Graticule, Adam Levinson’s $4.5 billion Singapore-based macro hedge-fund firm, recruited Jonathan Candy from BlueCrest Capital Management as chief executive officer, according to a person with knowledge of the matter and a regulatory filing. BFAM, the $1.8 billion hedge fund firm led by Benjamin Fuchs, hired Eugene Fung from Credit Suisse Group AG to run credit investments, its March newsletter to investors showed.

Benoit Meulot, who until earlier this year was a global equity derivatives manager with Grupo BTG Pactual’s hedge fund unit in Hong Kong, joined Nine Masts’ investment team, according to a person with knowledge of the matter and licensing records.

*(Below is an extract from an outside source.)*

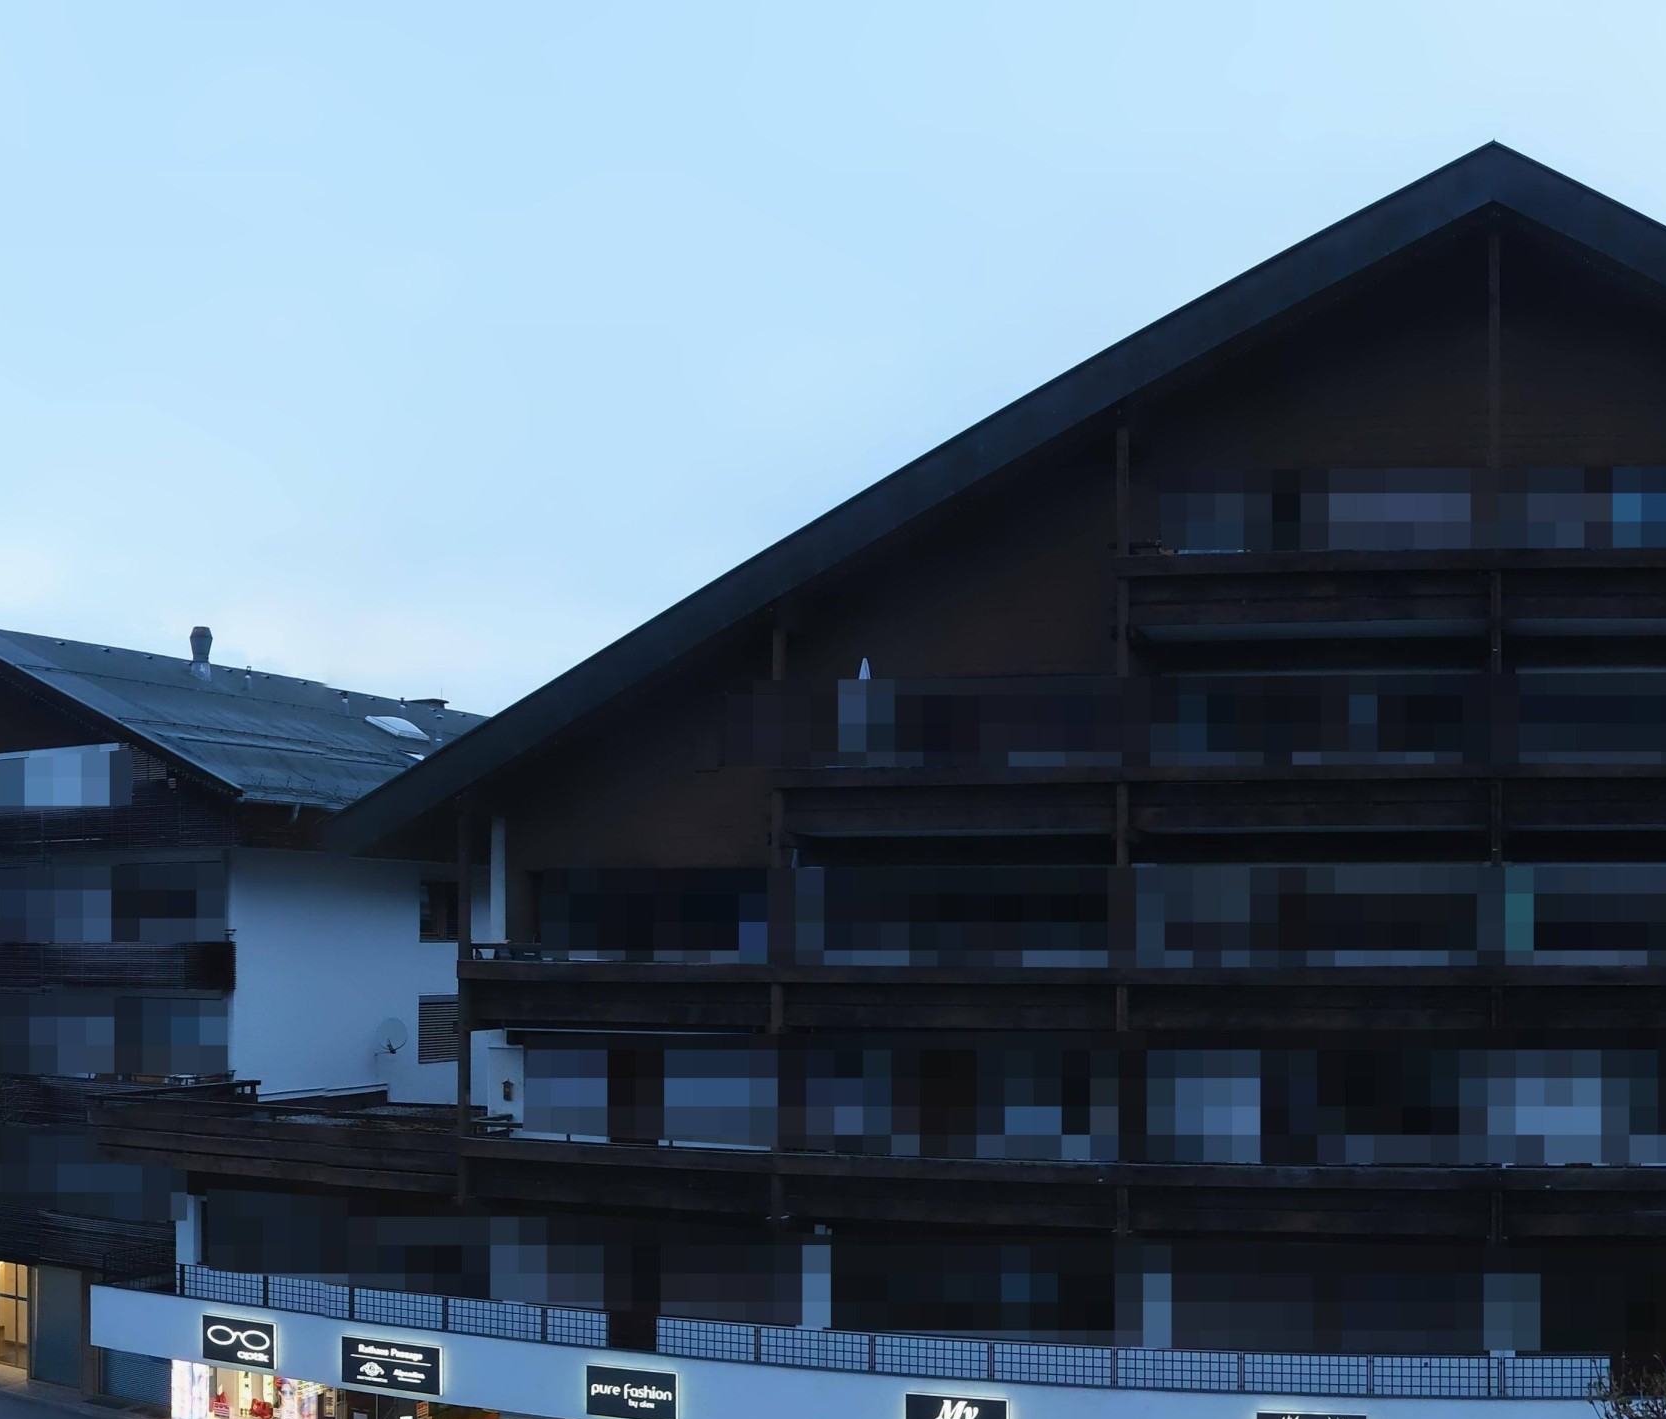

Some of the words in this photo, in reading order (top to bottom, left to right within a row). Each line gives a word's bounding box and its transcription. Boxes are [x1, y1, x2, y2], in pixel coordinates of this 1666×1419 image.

[237, 1350, 269, 1363] optik
[591, 1383, 621, 1396] pure
[624, 1383, 672, 1401] fashion
[628, 1398, 638, 1409] by

Izzy Englander’s $34 billion Millennium Management hired Joo Han Lua and Liu Xuan as Singapore-based fund managers from Steven A. Cohen’s Point72 Asset Management, said a person with knowledge of the matter.

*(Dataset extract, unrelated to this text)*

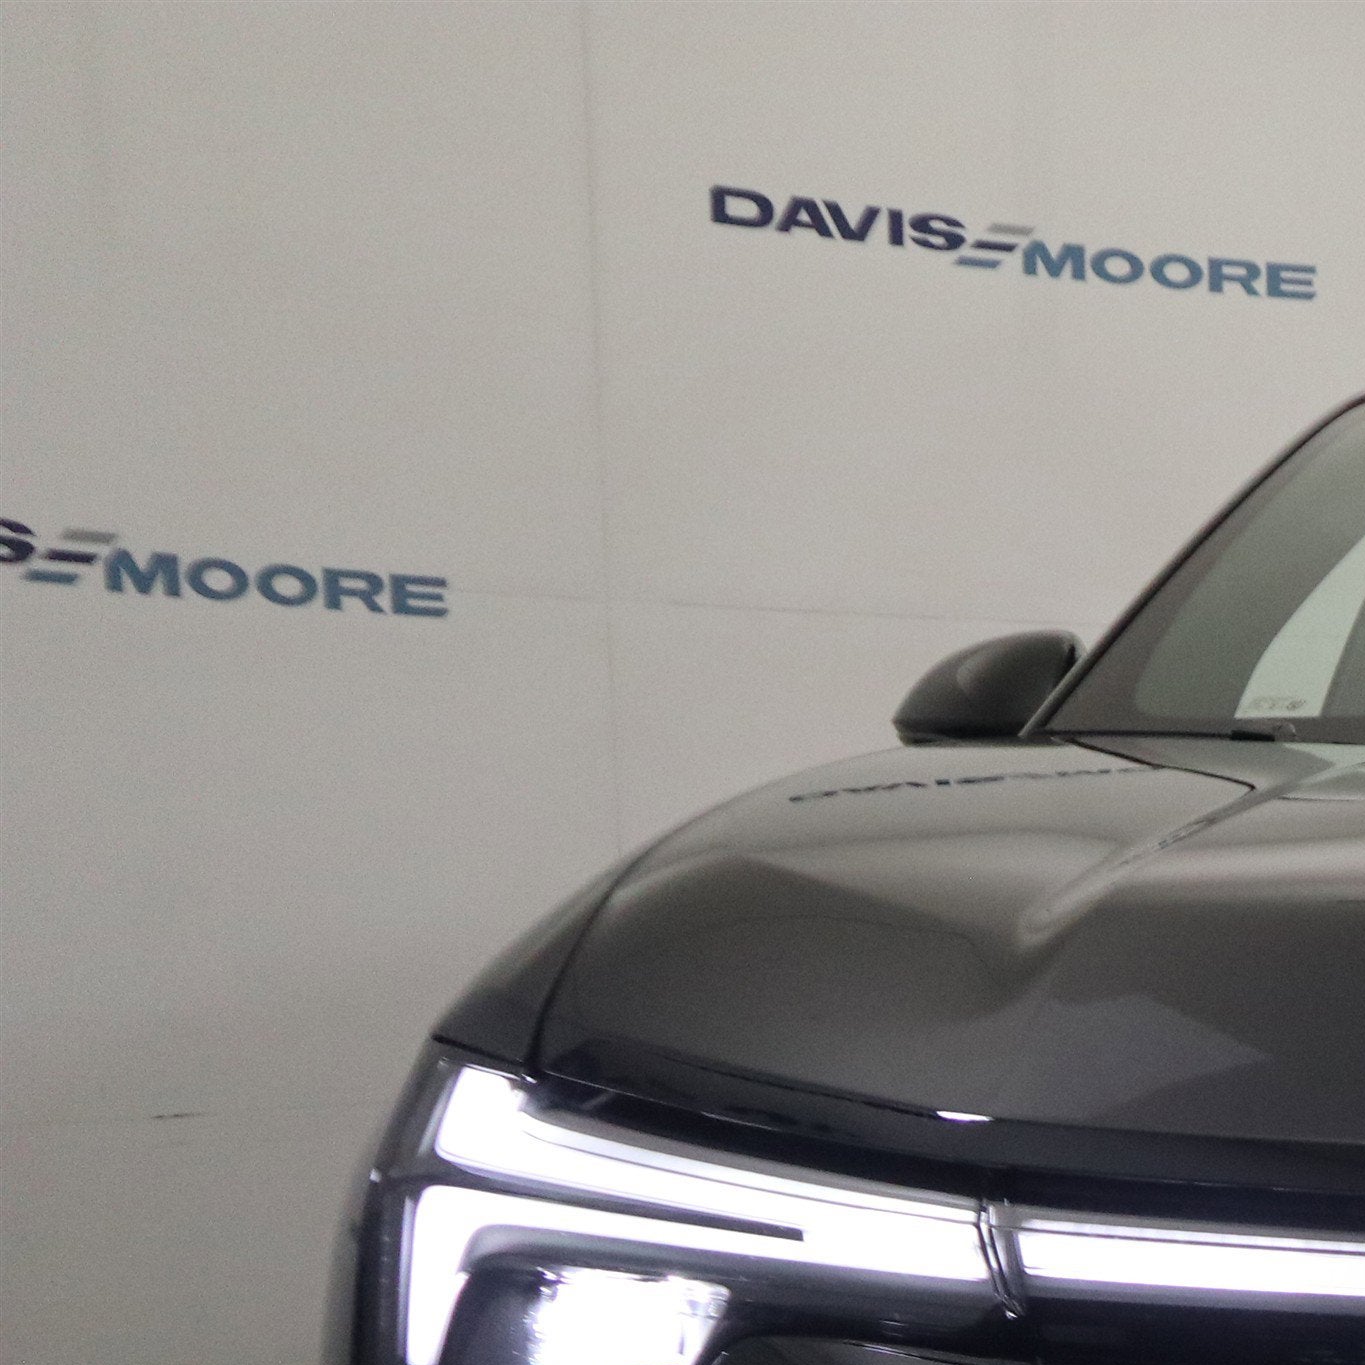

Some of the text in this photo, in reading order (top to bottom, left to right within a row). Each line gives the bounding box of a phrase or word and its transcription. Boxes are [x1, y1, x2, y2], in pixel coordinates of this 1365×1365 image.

[709, 184, 1318, 301] DAVIS MOORE
[103, 547, 450, 618] MOORE

Hedge funds with stable or growing assets have been able to poach employees from competitors that have struggled to post consistent returns. The $2.9 trillion global hedge fund industry lost an estimated $15.1 billion of assets in the first three months of this year, the biggest quarterly outflow since June 2009, and at least 979 funds were liquidated last year, according to Hedge Fund Research Inc.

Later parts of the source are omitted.